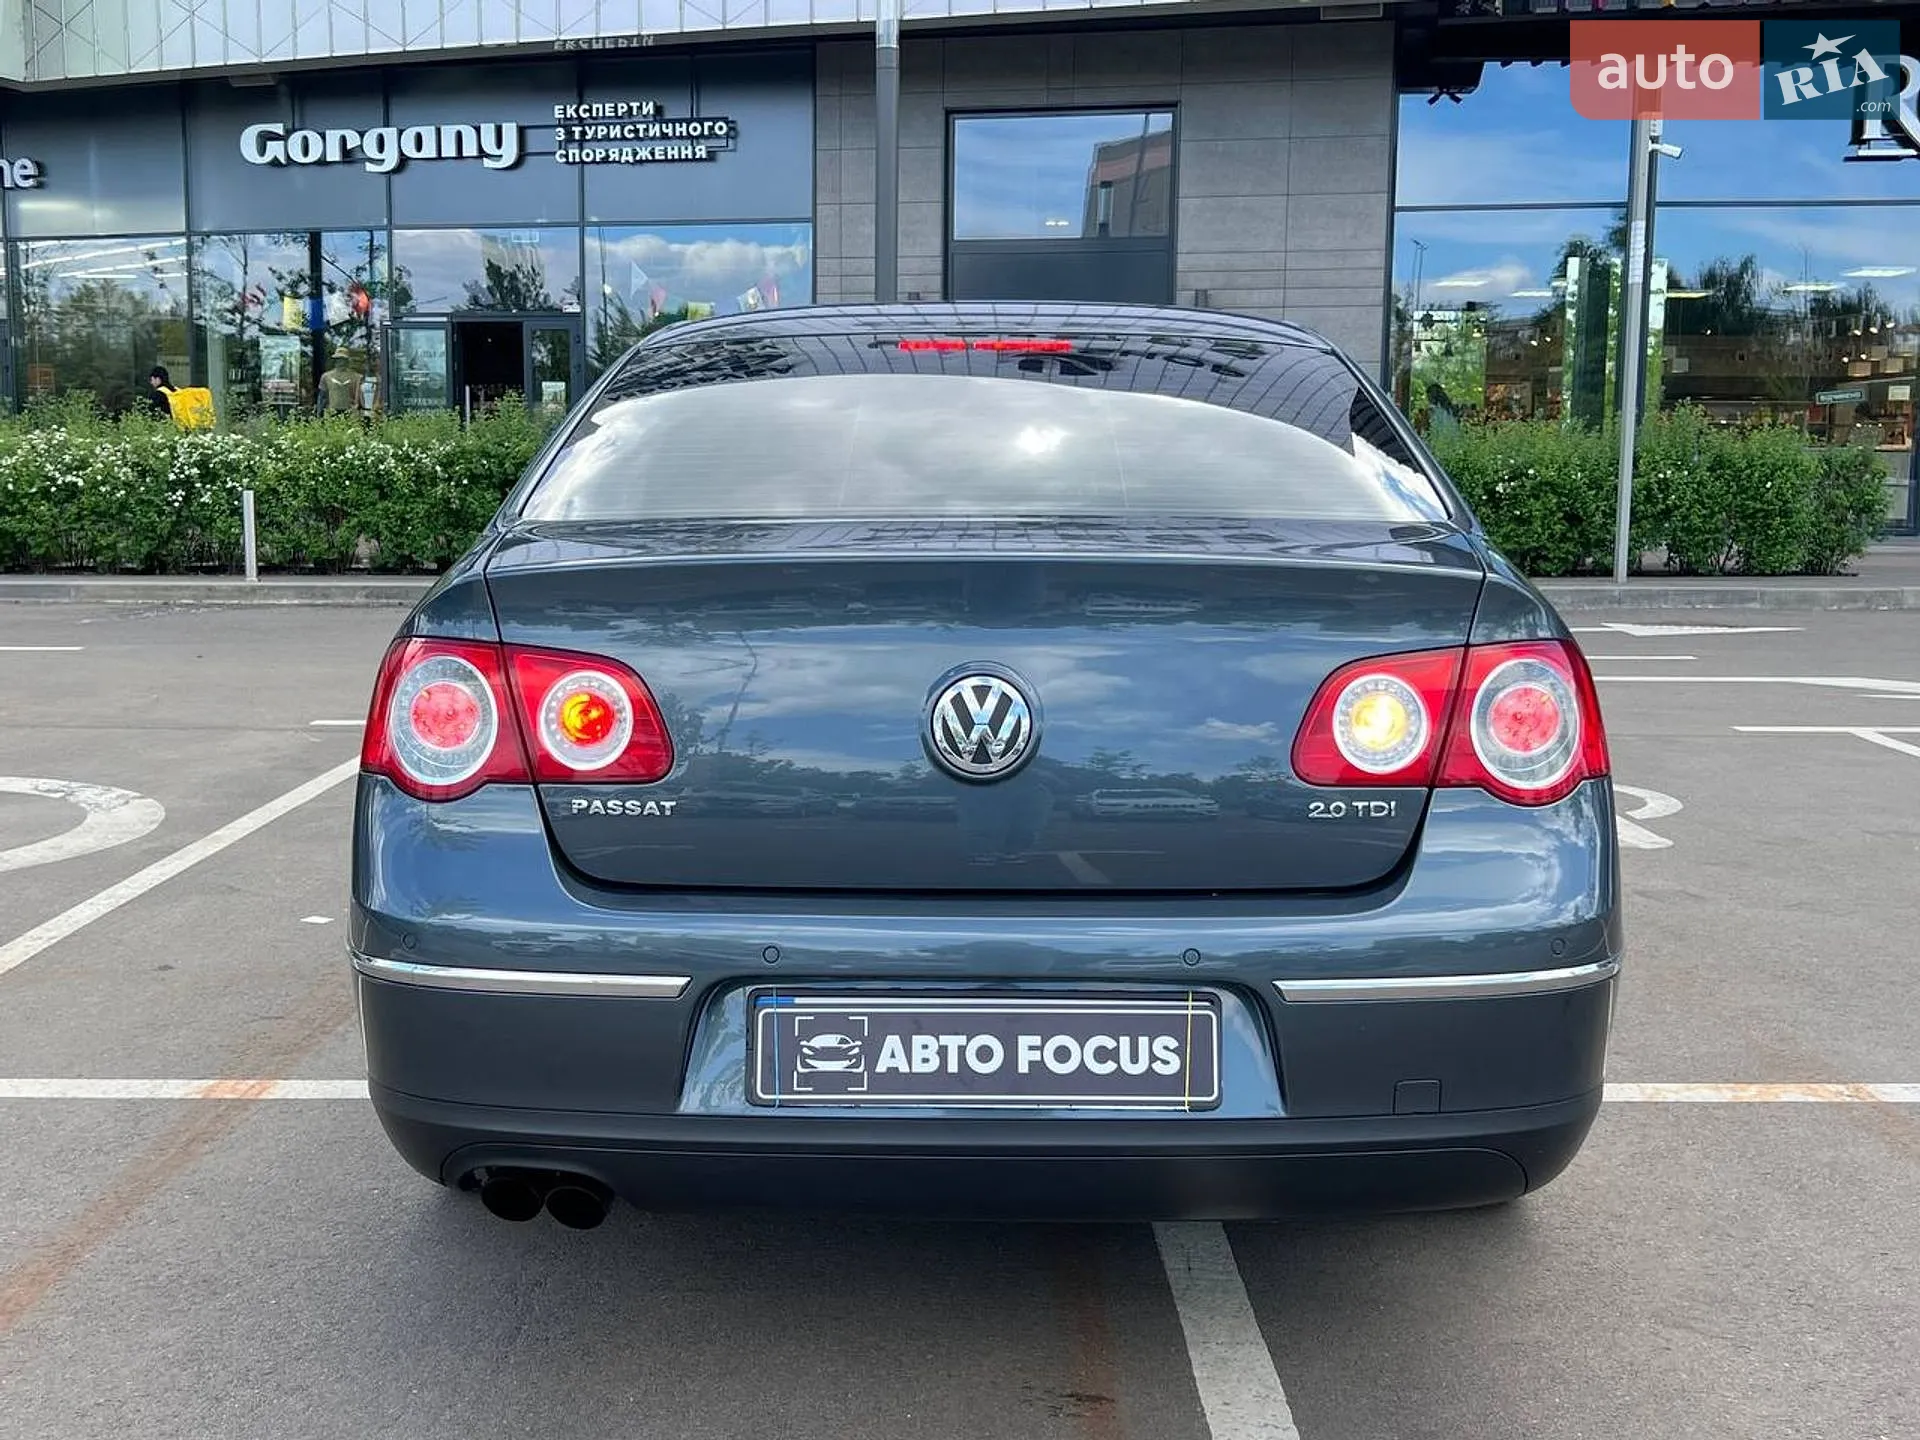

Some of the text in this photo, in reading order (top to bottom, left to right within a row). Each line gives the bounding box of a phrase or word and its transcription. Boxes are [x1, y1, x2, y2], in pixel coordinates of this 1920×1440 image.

[554, 102, 654, 119] ЕКСПЕРТИ
[572, 121, 728, 140] ТУРИСТИЧНОГО
[240, 122, 519, 172] Gorgany
[555, 146, 708, 163] СПОРЯДЖЕННЯ
[571, 799, 676, 816] PASSAT
[1351, 800, 1397, 818] TDI
[1017, 1034, 1182, 1076] FOCUS

_ _ _ _ _

→ **WHAT YOU HAVE TO DO**:
Repeat the listing above exactly, omitting the pictures it contains.

→ **COMPLETED TASK**:
Some of the text in this photo, in reading order (top to bottom, left to right within a row). Each line gives the bounding box of a phrase or word and its transcription. Boxes are [x1, y1, x2, y2], in pixel coordinates of this 1920×1440 image.

[554, 102, 654, 119] ЕКСПЕРТИ
[572, 121, 728, 140] ТУРИСТИЧНОГО
[240, 122, 519, 172] Gorgany
[555, 146, 708, 163] СПОРЯДЖЕННЯ
[571, 799, 676, 816] PASSAT
[1351, 800, 1397, 818] TDI
[1017, 1034, 1182, 1076] FOCUS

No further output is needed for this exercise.